(RECORDS FOR THE EXERCISE)

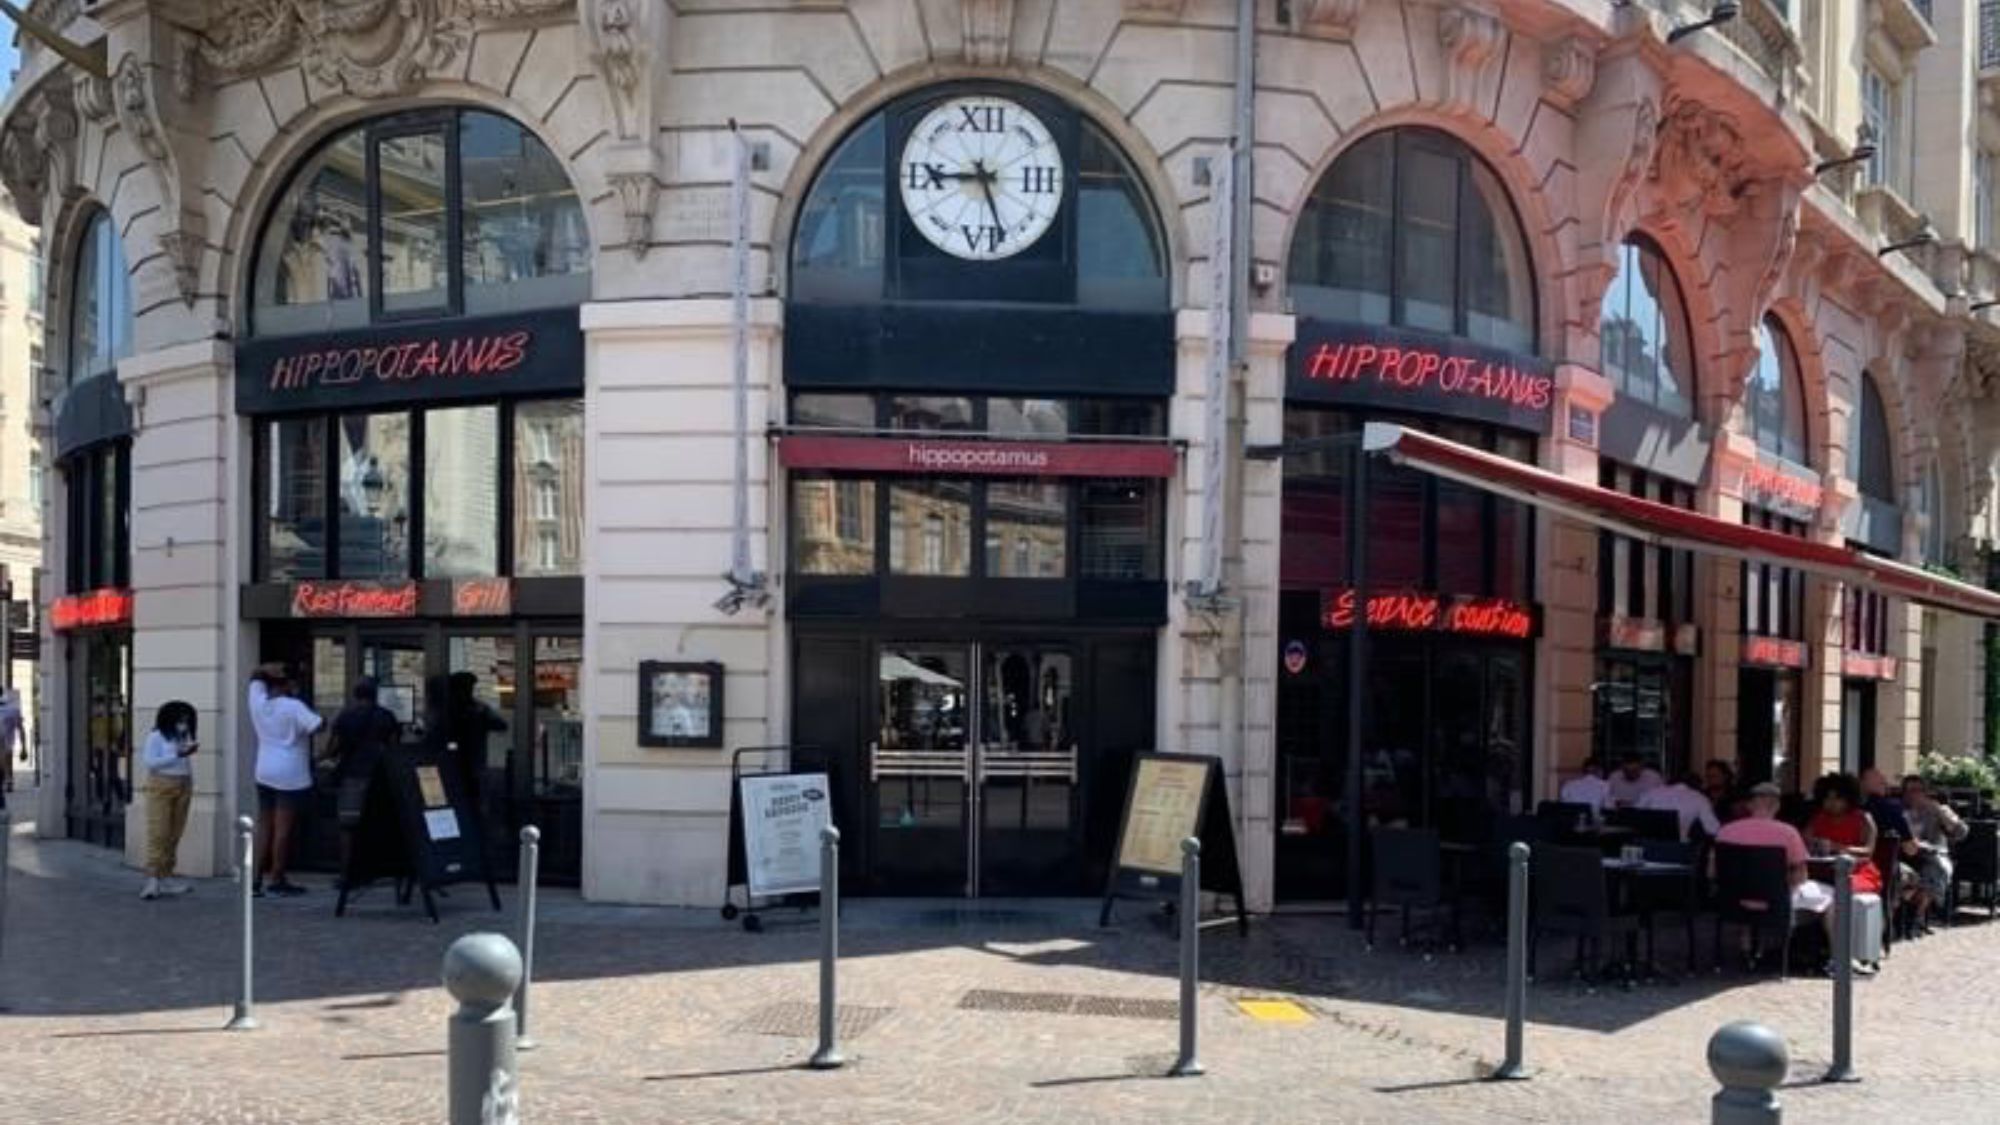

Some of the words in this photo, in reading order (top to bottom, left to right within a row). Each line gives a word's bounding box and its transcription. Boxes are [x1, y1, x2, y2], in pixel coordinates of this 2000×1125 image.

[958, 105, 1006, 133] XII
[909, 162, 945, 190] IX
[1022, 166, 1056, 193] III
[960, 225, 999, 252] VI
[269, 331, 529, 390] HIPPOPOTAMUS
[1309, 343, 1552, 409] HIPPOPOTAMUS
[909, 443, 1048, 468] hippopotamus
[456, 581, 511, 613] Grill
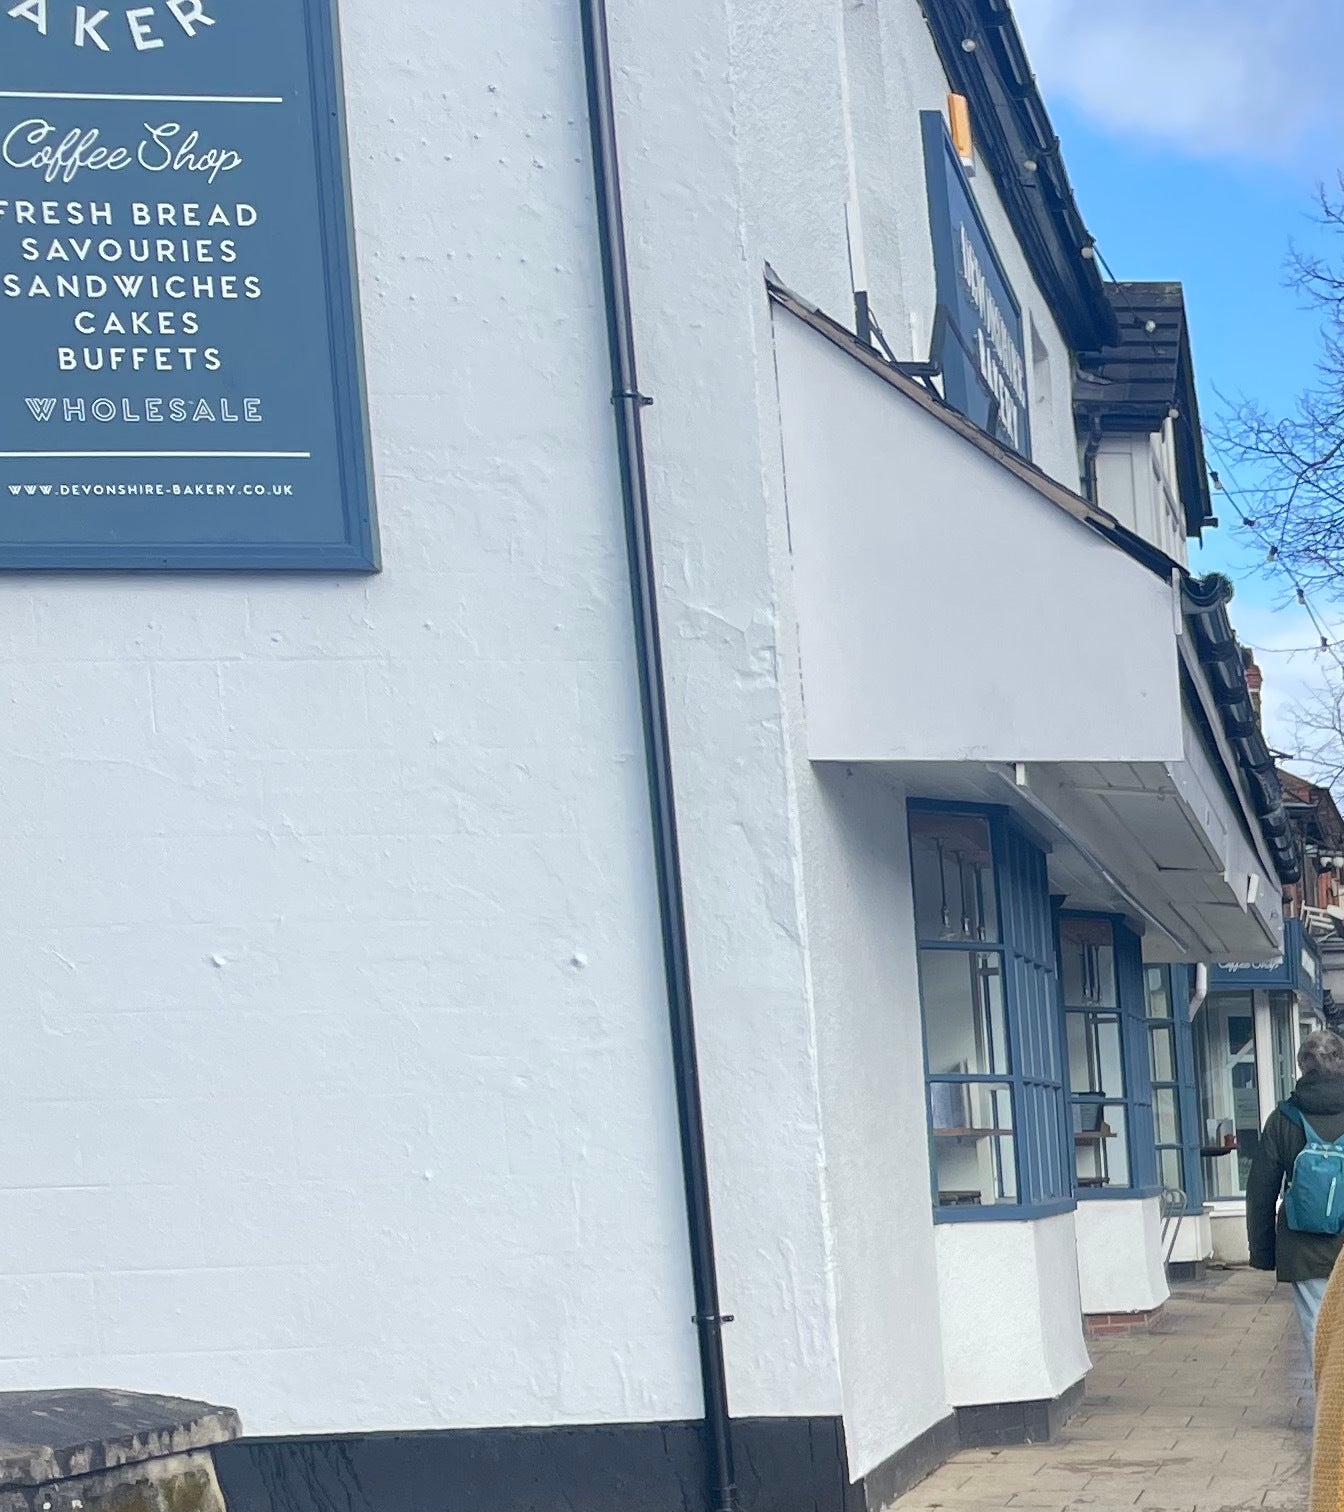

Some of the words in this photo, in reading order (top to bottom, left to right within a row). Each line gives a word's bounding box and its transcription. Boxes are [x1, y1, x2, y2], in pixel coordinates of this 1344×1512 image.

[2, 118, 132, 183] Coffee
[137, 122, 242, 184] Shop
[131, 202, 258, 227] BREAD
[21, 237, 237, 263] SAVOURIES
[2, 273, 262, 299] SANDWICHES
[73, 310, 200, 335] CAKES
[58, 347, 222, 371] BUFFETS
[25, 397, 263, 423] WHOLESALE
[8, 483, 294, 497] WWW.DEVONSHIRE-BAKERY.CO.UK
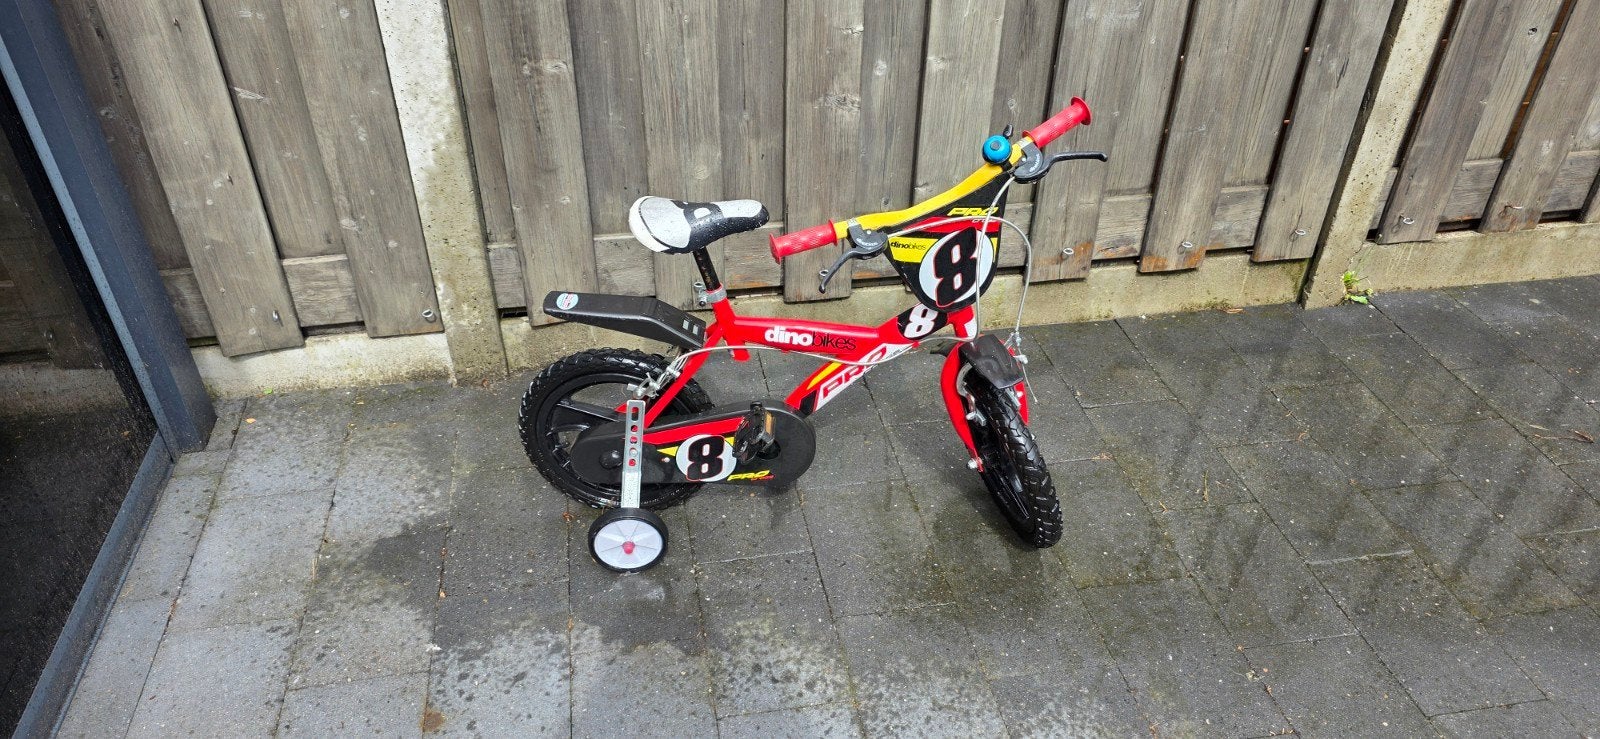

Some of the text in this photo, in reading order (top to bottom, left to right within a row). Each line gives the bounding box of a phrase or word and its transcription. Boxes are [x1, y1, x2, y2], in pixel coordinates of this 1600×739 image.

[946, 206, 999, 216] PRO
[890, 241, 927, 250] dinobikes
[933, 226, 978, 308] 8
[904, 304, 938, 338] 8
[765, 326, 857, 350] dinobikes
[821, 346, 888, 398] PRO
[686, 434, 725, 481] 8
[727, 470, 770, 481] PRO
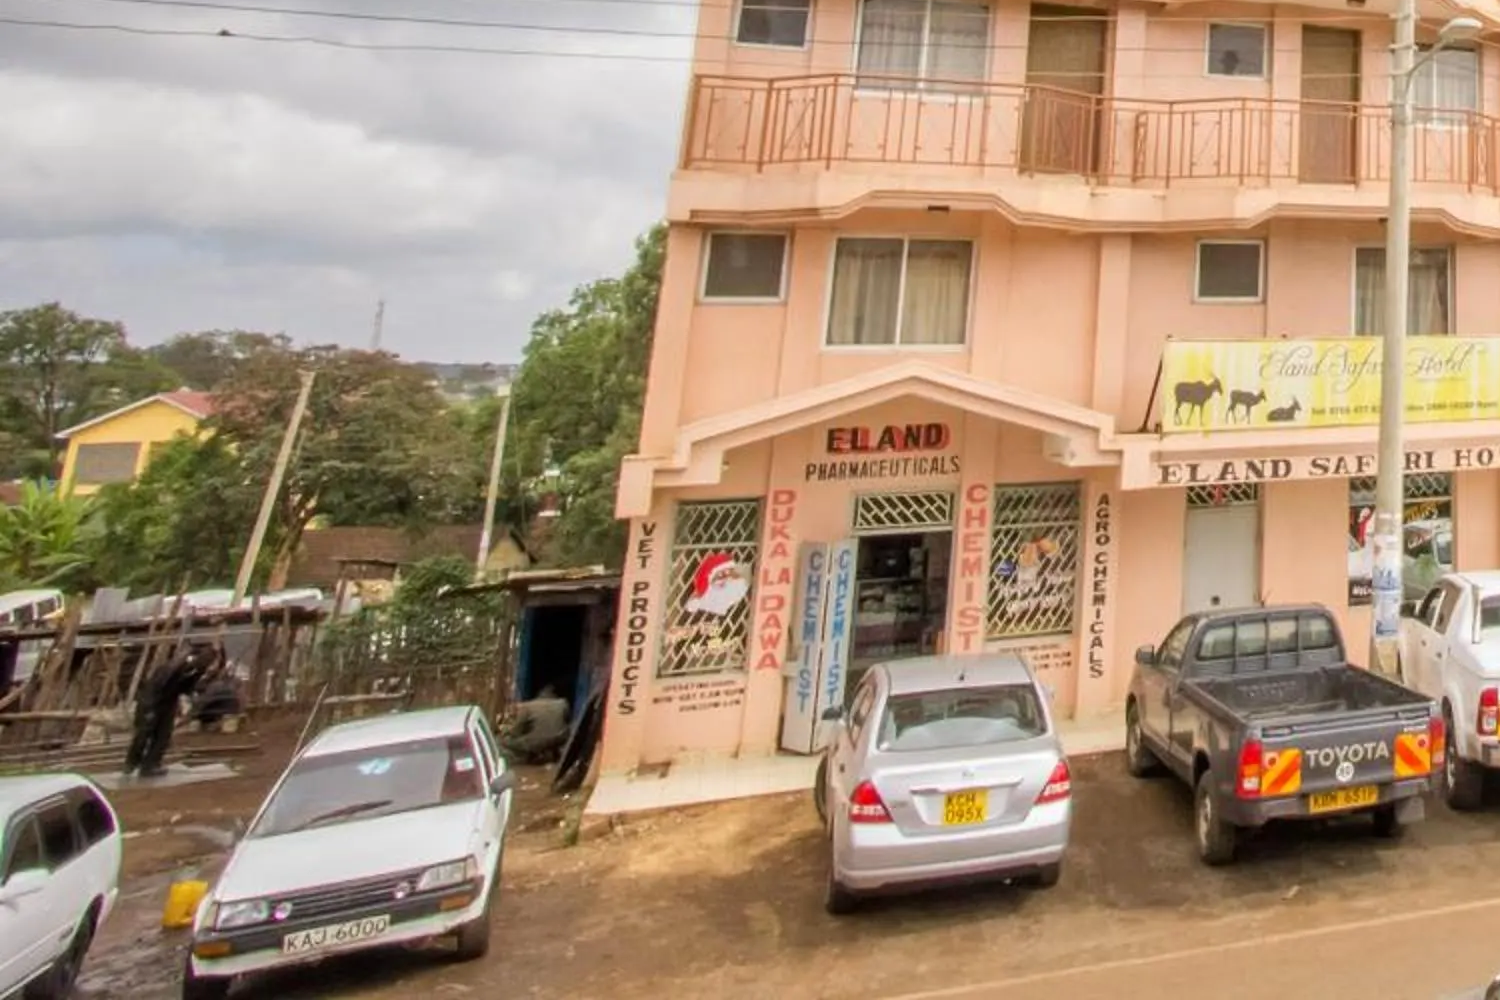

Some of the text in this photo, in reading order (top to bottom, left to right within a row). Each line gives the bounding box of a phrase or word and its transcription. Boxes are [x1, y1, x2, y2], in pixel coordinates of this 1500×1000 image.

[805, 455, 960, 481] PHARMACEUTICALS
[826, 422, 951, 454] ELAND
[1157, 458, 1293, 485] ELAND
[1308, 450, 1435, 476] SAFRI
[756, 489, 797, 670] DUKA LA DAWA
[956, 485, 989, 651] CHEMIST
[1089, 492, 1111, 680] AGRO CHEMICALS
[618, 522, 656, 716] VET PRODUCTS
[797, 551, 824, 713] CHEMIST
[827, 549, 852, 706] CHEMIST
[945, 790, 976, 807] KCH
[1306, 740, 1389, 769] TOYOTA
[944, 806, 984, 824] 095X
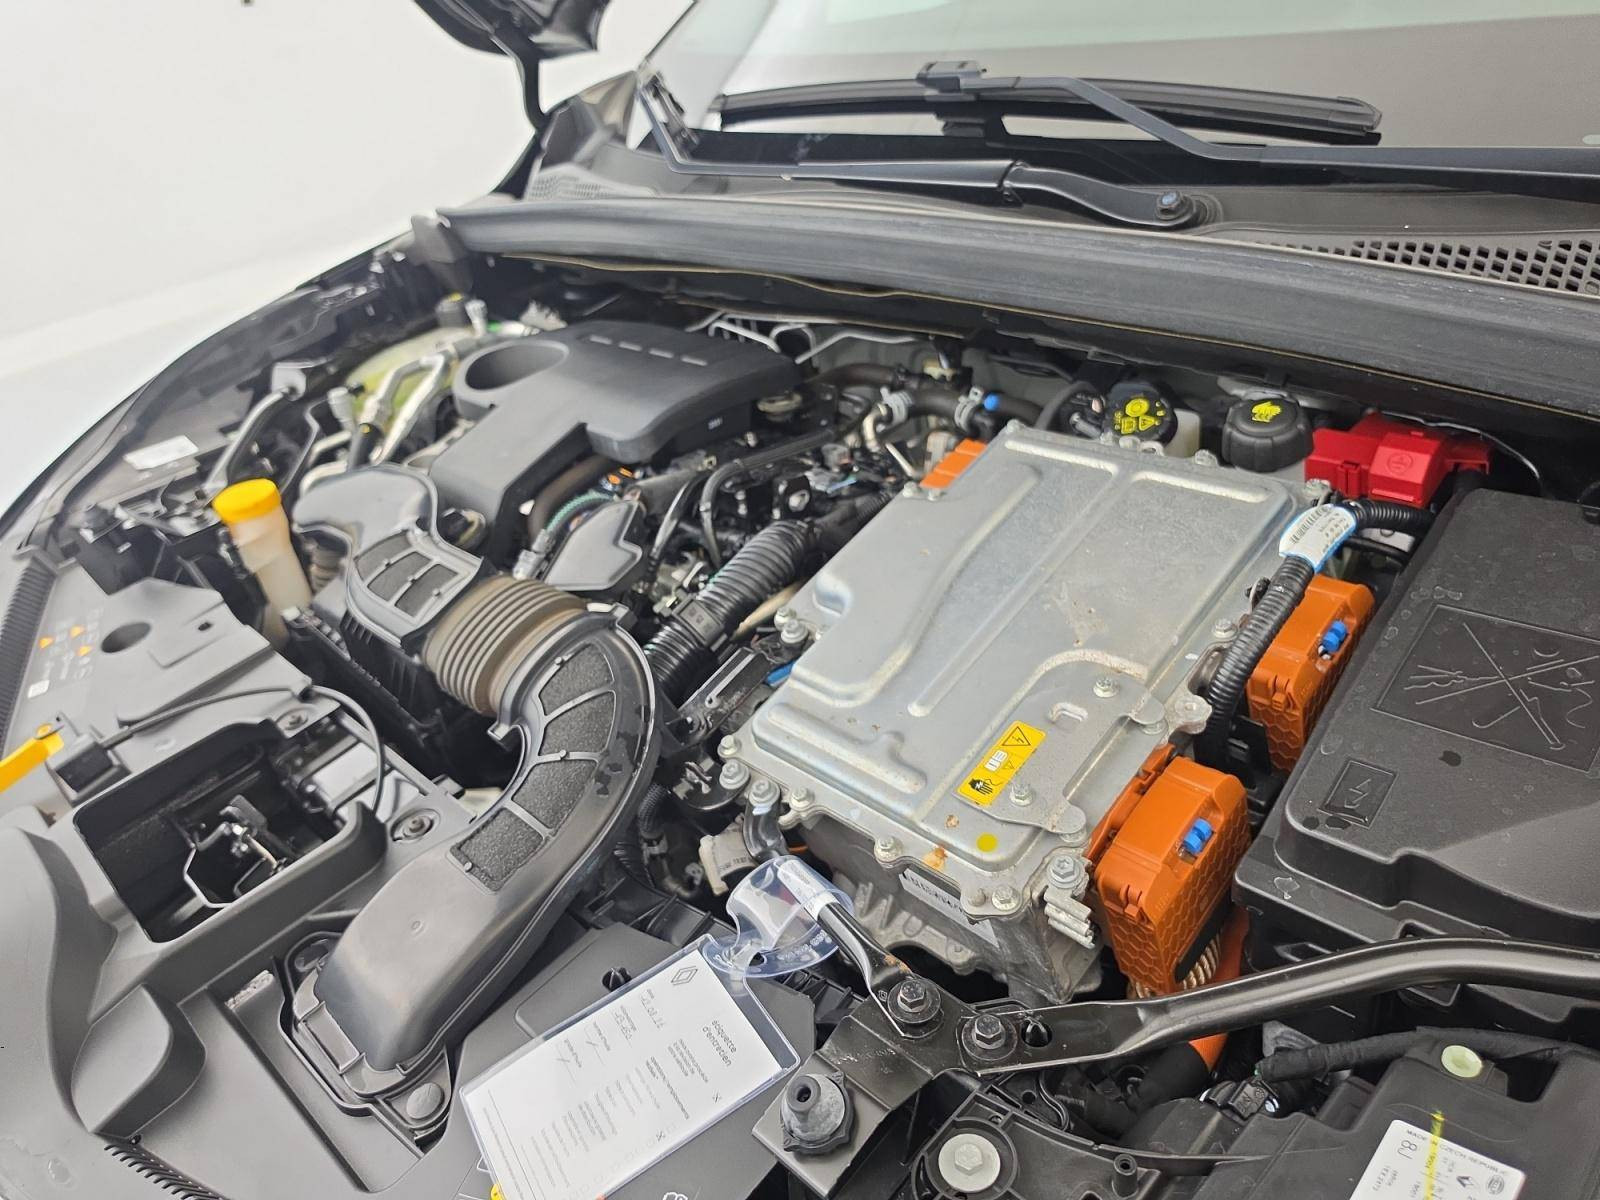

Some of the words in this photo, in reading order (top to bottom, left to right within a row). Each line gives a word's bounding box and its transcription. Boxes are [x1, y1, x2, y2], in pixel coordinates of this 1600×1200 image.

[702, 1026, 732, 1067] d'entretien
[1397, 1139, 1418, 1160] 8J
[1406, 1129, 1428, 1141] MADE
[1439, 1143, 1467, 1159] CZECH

(End RECORDS FOR THE EXERCISE)

* [WORK REQUEST]:
Everything in the records that precede this task must be written out again exactly, except the pictures.

* [YOUR SOLUTION]:
Some of the words in this photo, in reading order (top to bottom, left to right within a row). Each line gives a word's bounding box and its transcription. Boxes are [x1, y1, x2, y2], in pixel coordinates of this 2000×1125 image.

[958, 105, 1006, 133] XII
[909, 162, 945, 190] IX
[1022, 166, 1056, 193] III
[960, 225, 999, 252] VI
[269, 331, 529, 390] HIPPOPOTAMUS
[1309, 343, 1552, 409] HIPPOPOTAMUS
[909, 443, 1048, 468] hippopotamus
[456, 581, 511, 613] Grill

Some of the words in this photo, in reading order (top to bottom, left to right within a row). Each line gives a word's bounding box and its transcription. Boxes are [x1, y1, x2, y2], in pixel coordinates of this 1344×1512 image.

[2, 118, 132, 183] Coffee
[137, 122, 242, 184] Shop
[131, 202, 258, 227] BREAD
[21, 237, 237, 263] SAVOURIES
[2, 273, 262, 299] SANDWICHES
[73, 310, 200, 335] CAKES
[58, 347, 222, 371] BUFFETS
[25, 397, 263, 423] WHOLESALE
[8, 483, 294, 497] WWW.DEVONSHIRE-BAKERY.CO.UK

Some of the text in this photo, in reading order (top to bottom, left to right within a row). Each line gives the bounding box of a phrase or word and its transcription. Boxes are [x1, y1, x2, y2], in pixel coordinates of this 1600×739 image.

[946, 206, 999, 216] PRO
[890, 241, 927, 250] dinobikes
[933, 226, 978, 308] 8
[904, 304, 938, 338] 8
[765, 326, 857, 350] dinobikes
[821, 346, 888, 398] PRO
[686, 434, 725, 481] 8
[727, 470, 770, 481] PRO

Some of the text in this photo, in reading order (top to bottom, left to right within a row). Each line gives the bounding box of a phrase or word and its transcription. Boxes are [x1, y1, x2, y2], in pixel coordinates of this 1500×1000 image.

[805, 455, 960, 481] PHARMACEUTICALS
[826, 422, 951, 454] ELAND
[1157, 458, 1293, 485] ELAND
[1308, 450, 1435, 476] SAFRI
[756, 489, 797, 670] DUKA LA DAWA
[956, 485, 989, 651] CHEMIST
[1089, 492, 1111, 680] AGRO CHEMICALS
[618, 522, 656, 716] VET PRODUCTS
[797, 551, 824, 713] CHEMIST
[827, 549, 852, 706] CHEMIST
[945, 790, 976, 807] KCH
[1306, 740, 1389, 769] TOYOTA
[944, 806, 984, 824] 095X

Some of the words in this photo, in reading order (top to bottom, left to right within a row). Each line gives a word's bounding box and its transcription. Boxes are [x1, y1, x2, y2], in pixel coordinates of this 1600×1200 image.

[702, 1026, 732, 1067] d'entretien
[1397, 1139, 1418, 1160] 8J
[1406, 1129, 1428, 1141] MADE
[1439, 1143, 1467, 1159] CZECH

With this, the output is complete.